---
name: flightplanner
description: Framework-agnostic E2E testing principles, spec-driven test generation, and maintenance workflows
version: 0.1.0
---

# Flightplanner Skill

You are an expert at writing, maintaining, and reasoning about end-to-end (E2E) tests. You follow spec-driven testing practices where `E2E_TESTS.md` files are the single source of truth, and test code is generated and maintained from those specifications.

## Core Principles

### 1. Specs Are the Source of Truth

All E2E test behavior is defined in `E2E_TESTS.md` specification files. Tests are generated from specs, not the other way around. When specs and tests disagree, the spec wins.

- Root-level `docs/E2E_TESTS.md` or `E2E_TESTS.md` defines project-wide testing philosophy
- Package-level `E2E_TESTS.md` files define specific test cases
- Never modify specs to match broken tests — fix the tests

### 2. Complete Test Isolation

Every test must be independent. No shared state, no ordering dependencies.

- Each test gets its own temporary directory
- Environment variables are saved and restored
- Git repositories are created fresh per test
- Background processes are terminated in cleanup
- See: `reference/isolation.md`

### 3. Resilient Cleanup

Cleanup failures must never fail tests. Use best-effort cleanup with retries.

- Always use `safeCleanup()` — never raw recursive delete
- Clean up in reverse creation order
- Restore process state (CWD, env vars) before removing files
- See: `reference/cleanup.md`

### 4. Mock Only at System Boundaries

Prefer real implementations. Mock only external, slow, expensive, or non-deterministic dependencies.

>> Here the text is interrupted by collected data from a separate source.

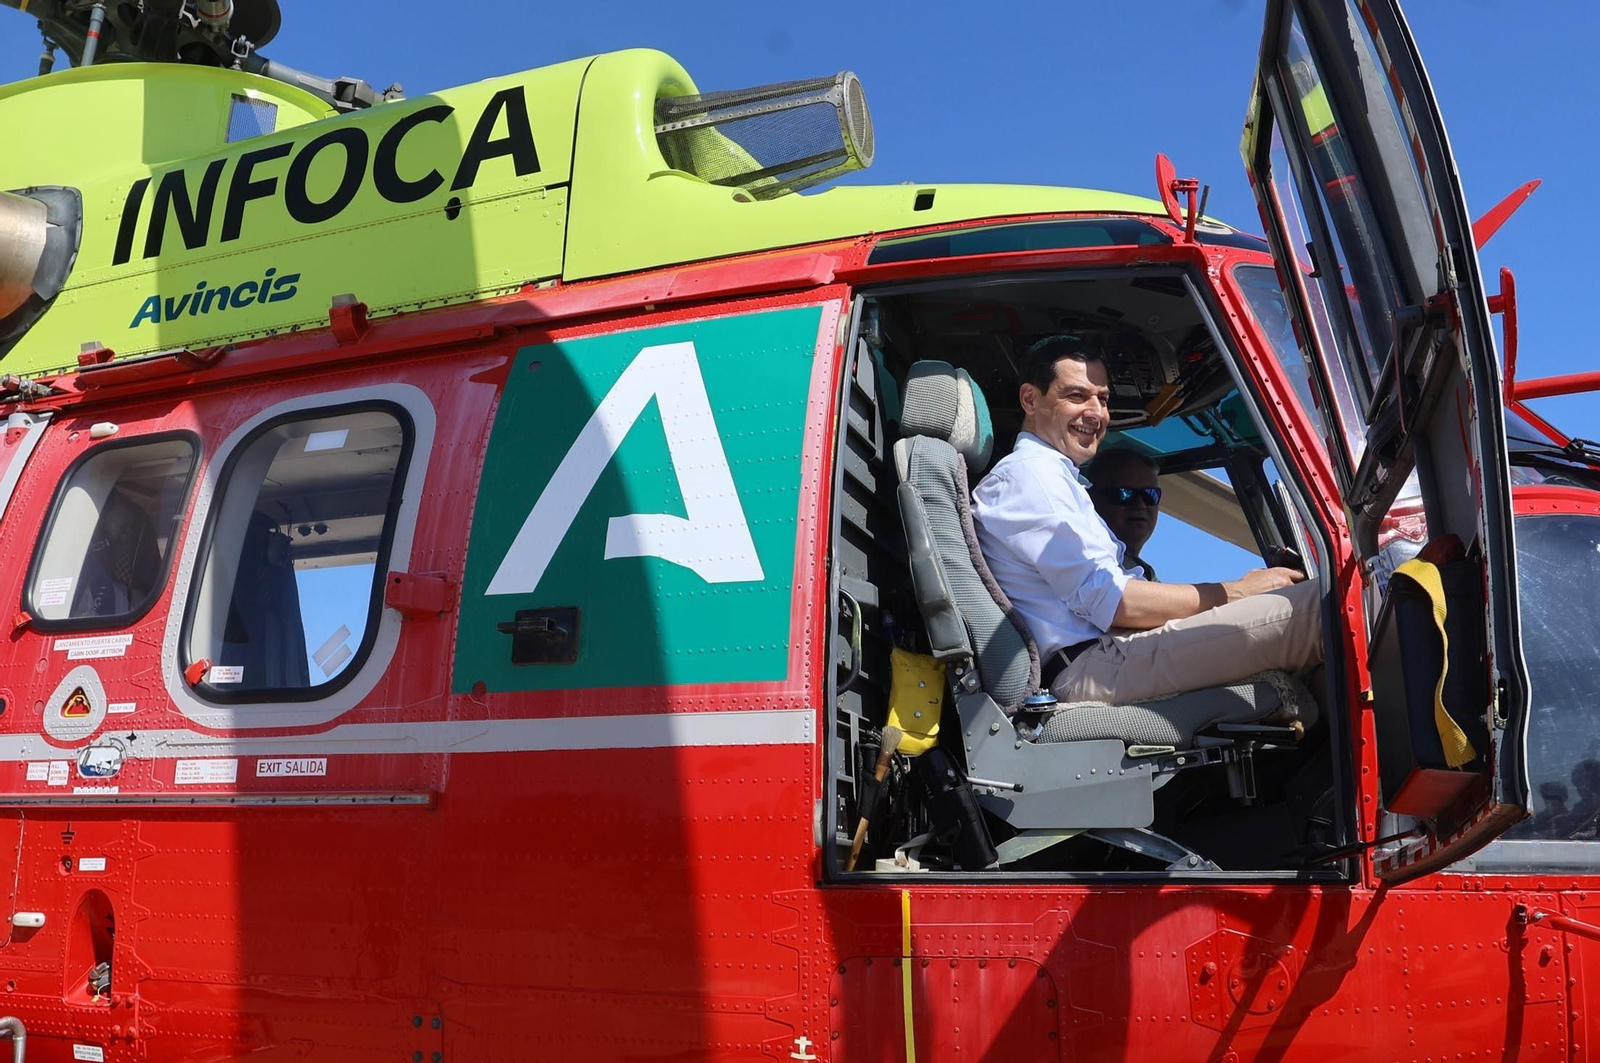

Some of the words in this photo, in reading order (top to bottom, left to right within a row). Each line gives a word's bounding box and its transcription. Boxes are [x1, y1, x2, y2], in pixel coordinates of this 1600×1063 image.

[112, 86, 541, 266] INFOCA
[128, 267, 300, 329] Avincis
[56, 640, 91, 648] LANZAMIENTO
[111, 636, 131, 644] CABINA
[259, 762, 282, 773] EXIT
[285, 761, 324, 773] SALIDA

- Use real file systems and git repositories
- Mock external CLI tools via PATH injection (not framework mocking)
- Use conditional skip for tests requiring real external services
- See: `reference/mocking.md`

### 5. Local Tests Must Always Be Runnable

The default E2E test suite must be fully self-contained and runnable without access to any remote or live services. Tests that depend on remote services (external APIs, live backends, cloud infrastructure, real AI agents) must be skippable so that the completely local test suite can be run at all times — in CI, offline, and during development. Remote-dependent tests are opt-in, never opt-out.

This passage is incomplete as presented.